*** Opening RAW DATA ***
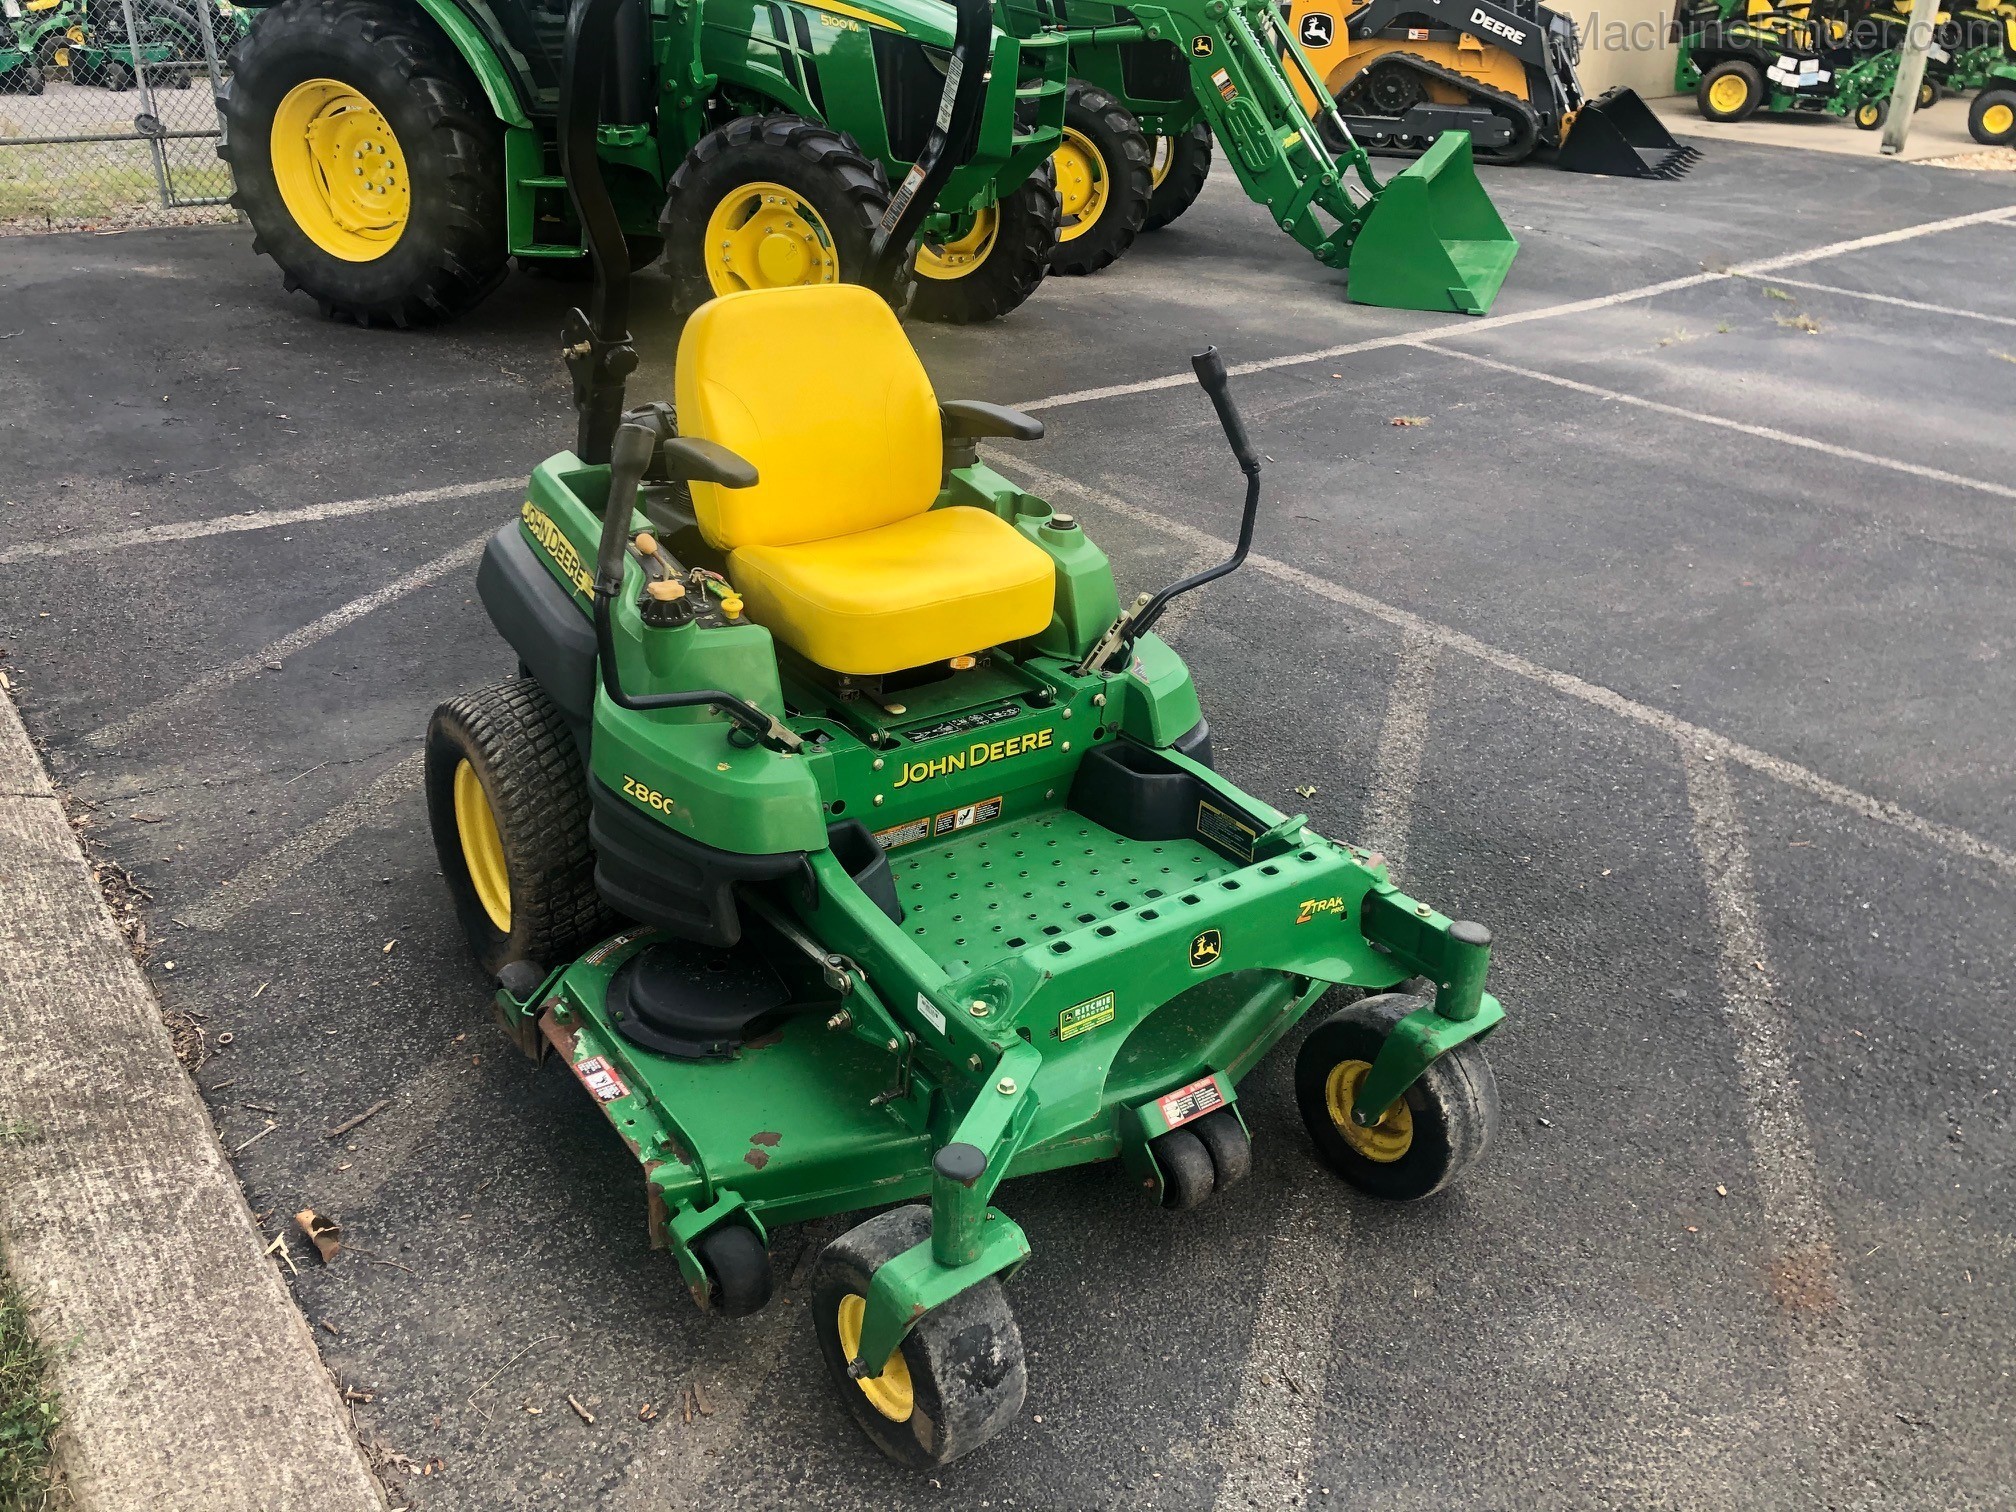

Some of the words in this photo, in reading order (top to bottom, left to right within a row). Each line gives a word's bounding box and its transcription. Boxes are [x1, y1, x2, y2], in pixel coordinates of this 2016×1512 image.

[820, 14, 859, 33] 5100M
[1469, 7, 1527, 46] DEERE
[546, 527, 585, 590] DEERE
[893, 751, 967, 788] JOHN
[970, 728, 1054, 768] DEERE
[1330, 905, 1345, 914] PRO
[1074, 996, 1112, 1017] RITCHIE
[1076, 1004, 1110, 1021] TRACTOR
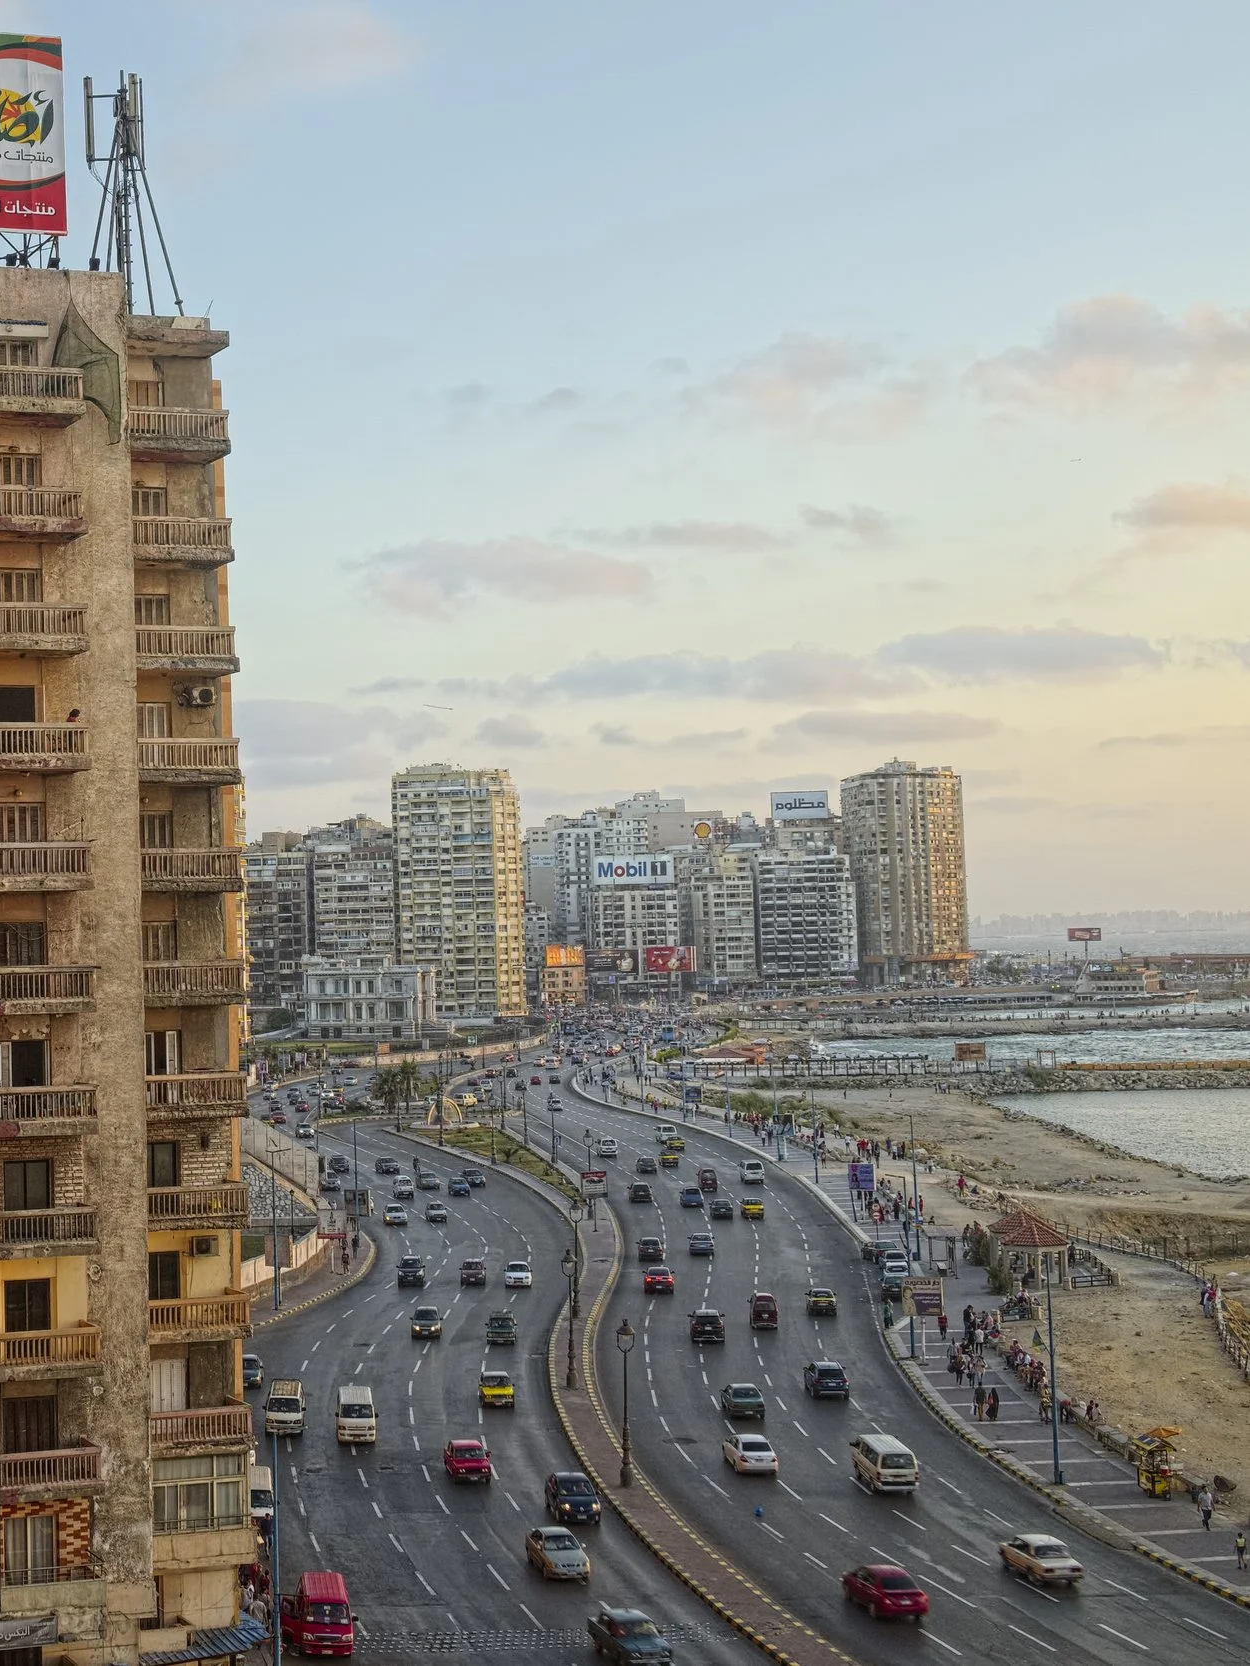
*** Closing RAW DATA ***
Text only, pictures out: give every record again as written.

Some of the words in this photo, in reading order (top to bottom, left to right within a row). Each line gives a word's bounding box and its transcription. Boxes are [x1, y1, x2, y2], in pixel coordinates of this 2016×1512 image.

[820, 14, 859, 33] 5100M
[1469, 7, 1527, 46] DEERE
[546, 527, 585, 590] DEERE
[893, 751, 967, 788] JOHN
[970, 728, 1054, 768] DEERE
[1330, 905, 1345, 914] PRO
[1074, 996, 1112, 1017] RITCHIE
[1076, 1004, 1110, 1021] TRACTOR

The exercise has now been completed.